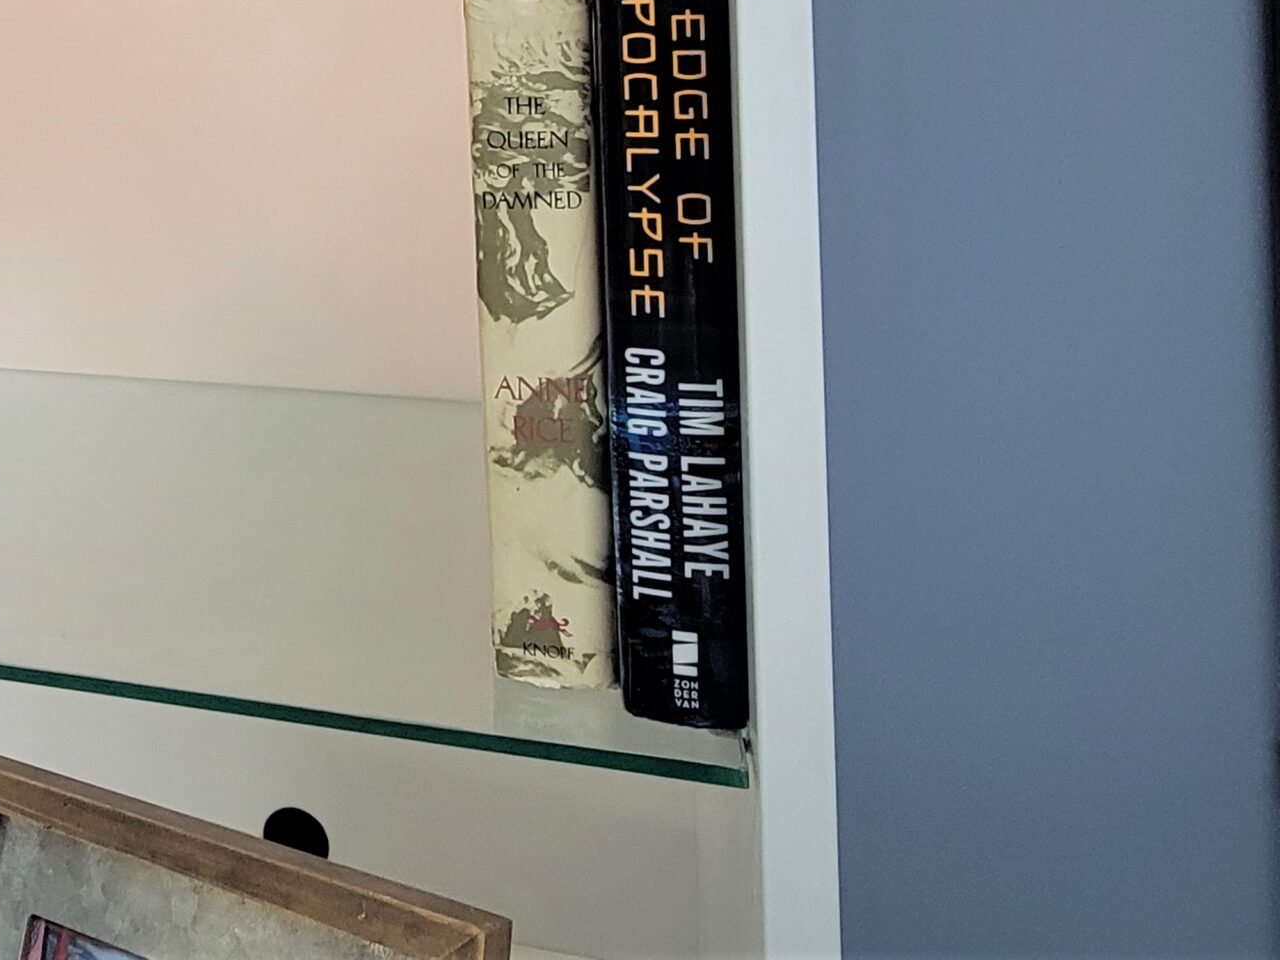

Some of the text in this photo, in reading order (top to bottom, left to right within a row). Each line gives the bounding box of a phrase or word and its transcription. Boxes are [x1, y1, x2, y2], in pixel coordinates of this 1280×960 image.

[504, 96, 546, 115] THE
[486, 130, 569, 151] QUEEN
[671, 9, 713, 264] EDGE OF
[496, 162, 566, 178] OF THE
[482, 190, 582, 210] DAMNED
[494, 375, 588, 402] ANNE
[511, 416, 571, 443] RICE
[624, 347, 673, 600] CRAIG PARSHALL
[677, 379, 730, 580] TIM LAHAYE
[522, 642, 575, 660] KNOPF
[674, 678, 699, 689] ZON
[674, 689, 699, 699] DER
[674, 699, 700, 709] VAN

• _TASK DESCRIPTION_:
Retype the records in full. Do not carry over the images.

• _OUTPUT OF THE EXERCISE_:
Some of the text in this photo, in reading order (top to bottom, left to right within a row). Each line gives the bounding box of a phrase or word and its transcription. Boxes are [x1, y1, x2, y2], in pixel coordinates of this 1280×960 image.

[504, 96, 546, 115] THE
[486, 130, 569, 151] QUEEN
[671, 9, 713, 264] EDGE OF
[496, 162, 566, 178] OF THE
[482, 190, 582, 210] DAMNED
[494, 375, 588, 402] ANNE
[511, 416, 571, 443] RICE
[624, 347, 673, 600] CRAIG PARSHALL
[677, 379, 730, 580] TIM LAHAYE
[522, 642, 575, 660] KNOPF
[674, 678, 699, 689] ZON
[674, 689, 699, 699] DER
[674, 699, 700, 709] VAN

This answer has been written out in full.